Interview
lundi 23 février 2009,
par
Violette Verdy, danseuse française et muse de Balanchine par excellence, fait l’objet d’un ouvrage écrit à deux mains. Le travail d’interprétation et de transmission y ont la part belle, événement rare pour la danse classique ! Florence Poudru, historienne de la danse et enseignante au C.N.S.M.D. (Conservatoire National Supérieur de Musique et de Danse) de Lyon, revient pour Danzine sur son travail d’écriture.
De quand date l’idée du livre ?
En premier lieu, il est nécessaire de préciser que l’idée de ce livre revient entièrement à Dominique Delouche. Dominique avait filmé Violette Verdy dans son documentaire Violette et Mr. B. à travers six transmissions de rôle. Souhaitant les retranscrire dans un livre, il contacta le Centre National de la Danse qui trouva l’idée bonne, mais lui suggéra de travailler avec un historien pour étoffer ce travail et lui donner une autre dimension. En 2006, il s’est alors dirigé vers moi. Par la suite, nous avons élaboré ce projet ensemble. La difficulté, pour moi, fut de venir en dernier. Il ne fallait pas que ma partie soit redondante par rapport aux propos de Violette.
Comment deviez-vous élaborer votre partie ?
La commande était très libre, il s’agissait de compléter d’un point de vue historique l’écrit qui retranscrivait les six leçons de danse données par Violette. Mais j’ai tenu à ce qu’il y ait également une approche esthétique de la danse, que des analyses d’œuvres chorégraphiques dansées par Violette soient faites. C’est ce qui m’intéressait. Le film évoque deux transmissions de rôle de Robbins et quatre de Balanchine. Je devais donc développer impérativement sur ces deux chorégraphes sans pour autant m’interdire d’aborder d’autres œuvres. Je souhaitais respecter la diversité et la richesse de la carrière de Violette Verdy. J’ai eu ainsi le plaisir d’approcher l’œuvre de Birgit Cullberg, pratiquement inconnue en France ! Or, c’est grâce à cette chorégraphe et à son ballet Miss Julie que Violette est partie aux Etats-Unis !
Vous vous êtes appuyée sur de nombreuses sources : livres, revues, correspondances, critiques, mais aussi sur trois entretiens que vous avez menés avec Violette Verdy. Comment reconstituer une histoire de vie de danse ?

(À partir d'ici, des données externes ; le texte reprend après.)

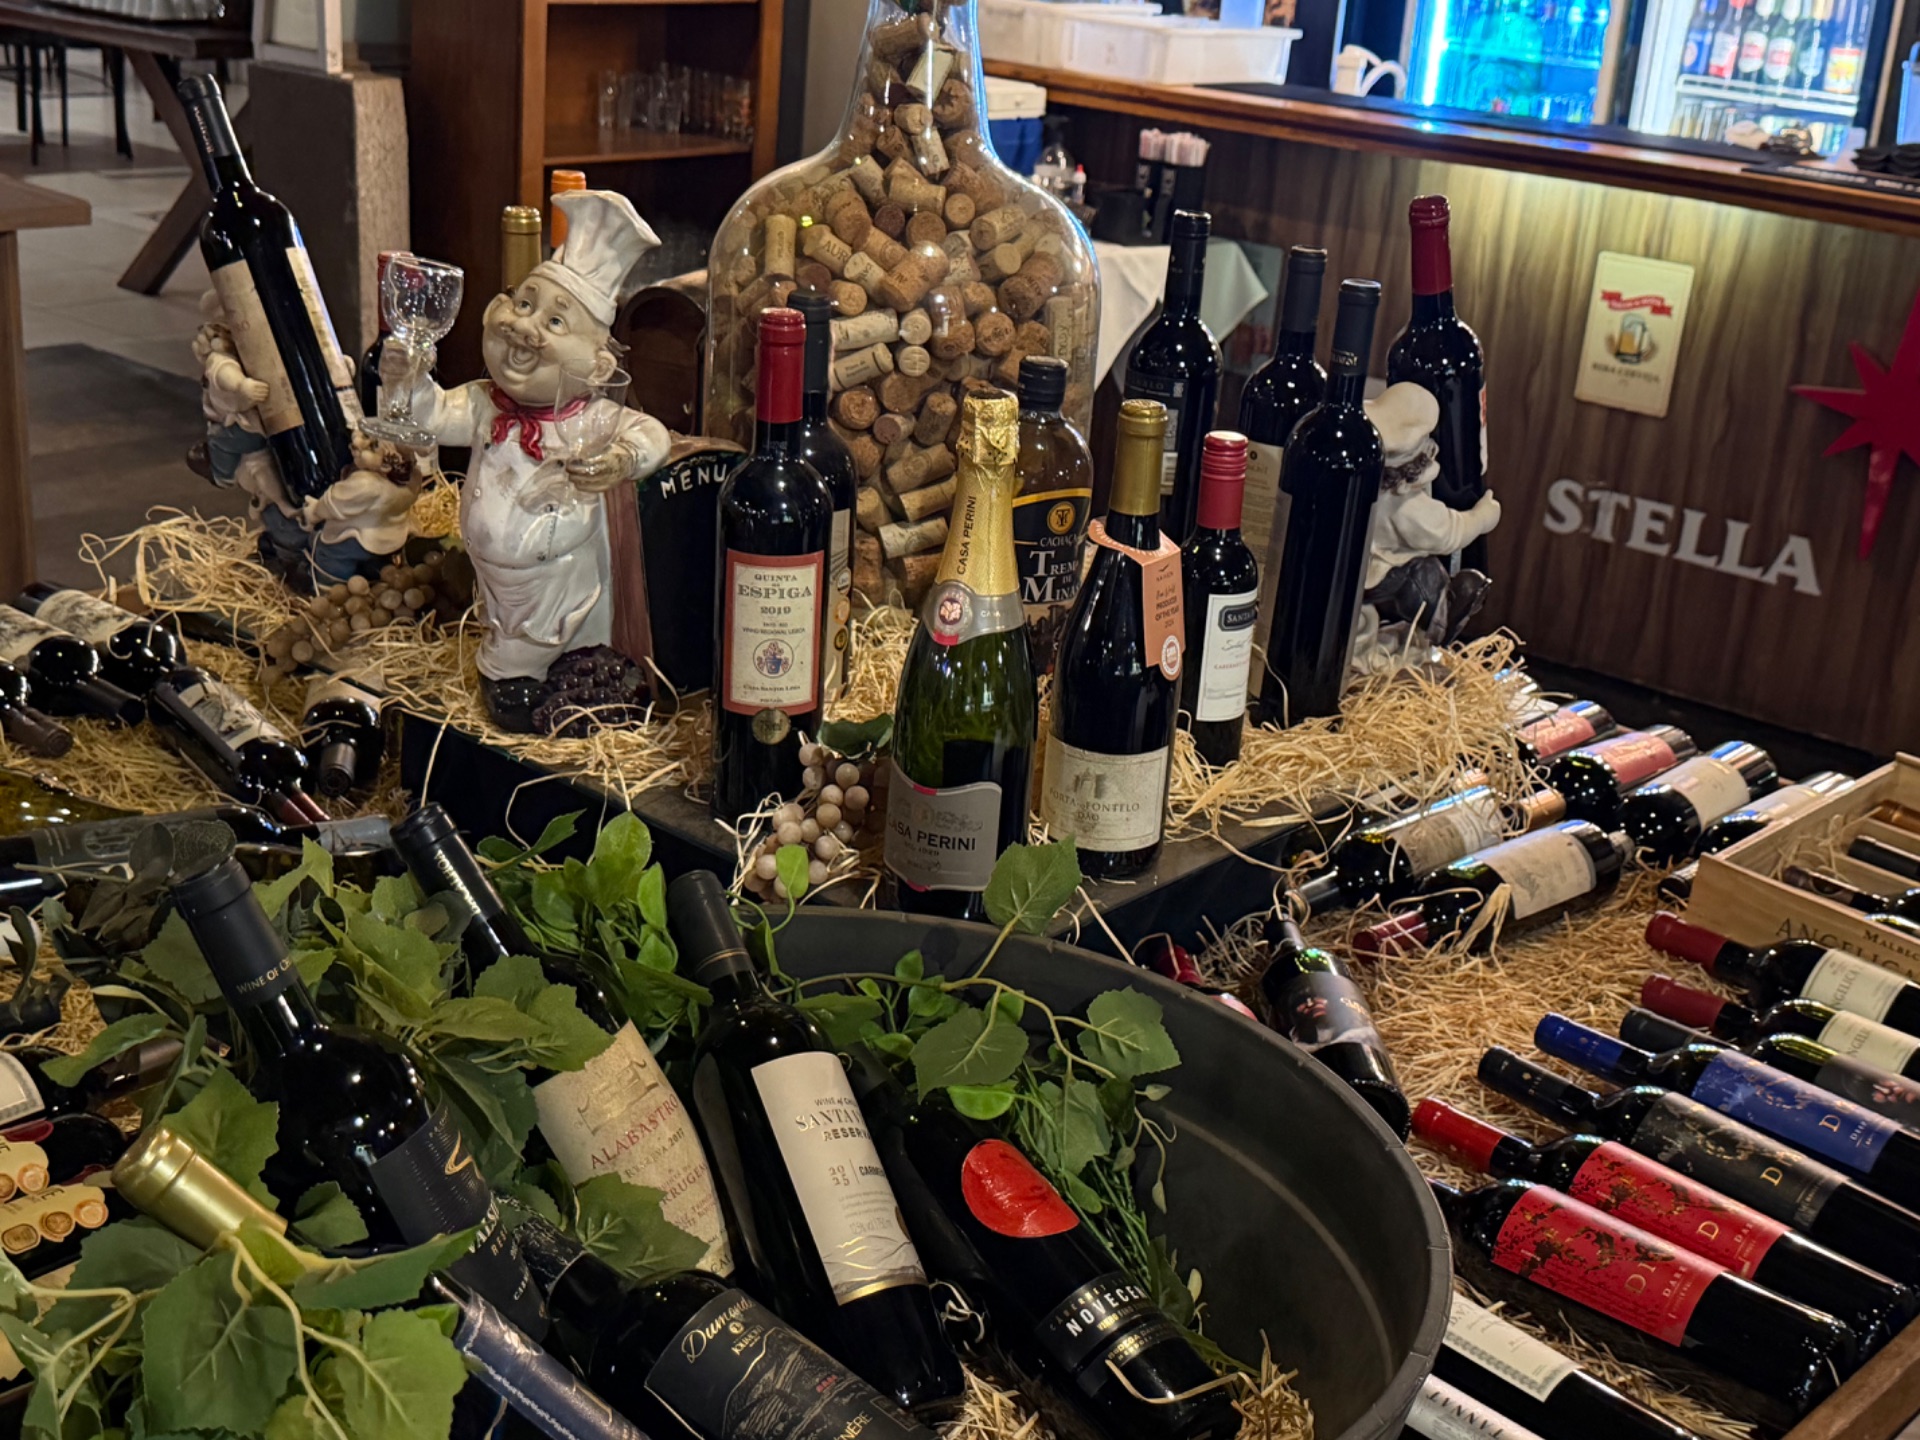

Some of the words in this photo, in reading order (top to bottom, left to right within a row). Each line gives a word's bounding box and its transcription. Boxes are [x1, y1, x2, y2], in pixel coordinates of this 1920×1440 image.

[660, 463, 727, 500] MENU
[963, 495, 978, 539] PERINI
[1543, 478, 1822, 597] STELLA
[957, 541, 972, 576] CASA
[738, 584, 812, 600] ESPIGA
[754, 574, 797, 582] QUINTA
[760, 605, 792, 615] 2019
[1085, 801, 1140, 813] FONTELO
[916, 830, 977, 851] PERINI
[236, 975, 266, 994] WINE
[266, 967, 279, 981] OF
[1831, 969, 1862, 1008] NGELICA
[815, 1097, 835, 1107] WINE
[590, 1093, 680, 1170] ALABASTRO
[625, 1145, 668, 1179] RESERVA
[668, 1127, 685, 1148] 2017
[1425, 1381, 1504, 1439] TANNAT

J’ai avant tout opéré un gros travail en amont. J’ai énormément retravaillé sur Balanchine aussi bien par des lectures, en me référant aux sources américaines et françaises, que sur des vidéos. J’ai également demandé une dérogation spéciale aux Archives nationales pour consulter le dossier Balanchine, interdit pendant soixante ans, et accéder aux correspondances françaises du chorégraphe avec l’Opéra de Paris. Ensuite, j’ai dépouillé tout ce que je pouvais trouver en France sur Violette Verdy. Une fois ce travail de fond effectué, il m’a fallu faire des choix et retenir certaines œuvres plutôt que d’autres en fonction de son interprétation qui était le critère premier et de ma connaissance des chorégraphies. J’ai souhaité retracer sa carrière par ordre chronologique (sa carrière européenne, américaine, son mandat à l’Opéra de Paris et sa carrière de professeur) ; mais au sein de chaque période, j’ai dû trouver des logiques internes pour que le lectorat ne soit pas ballotté d’un chorégraphe à un autre. Dans le chapitre sur Balanchine, le cœur du livre, le regroupement le plus pertinent m’a semblé être celui d’une logique musicale, car Violette est une danseuse musicale ; c’est là le point de rencontre majeur avec Balanchine. "Il n’était pas musical, il était musicien", comme le dit Violette.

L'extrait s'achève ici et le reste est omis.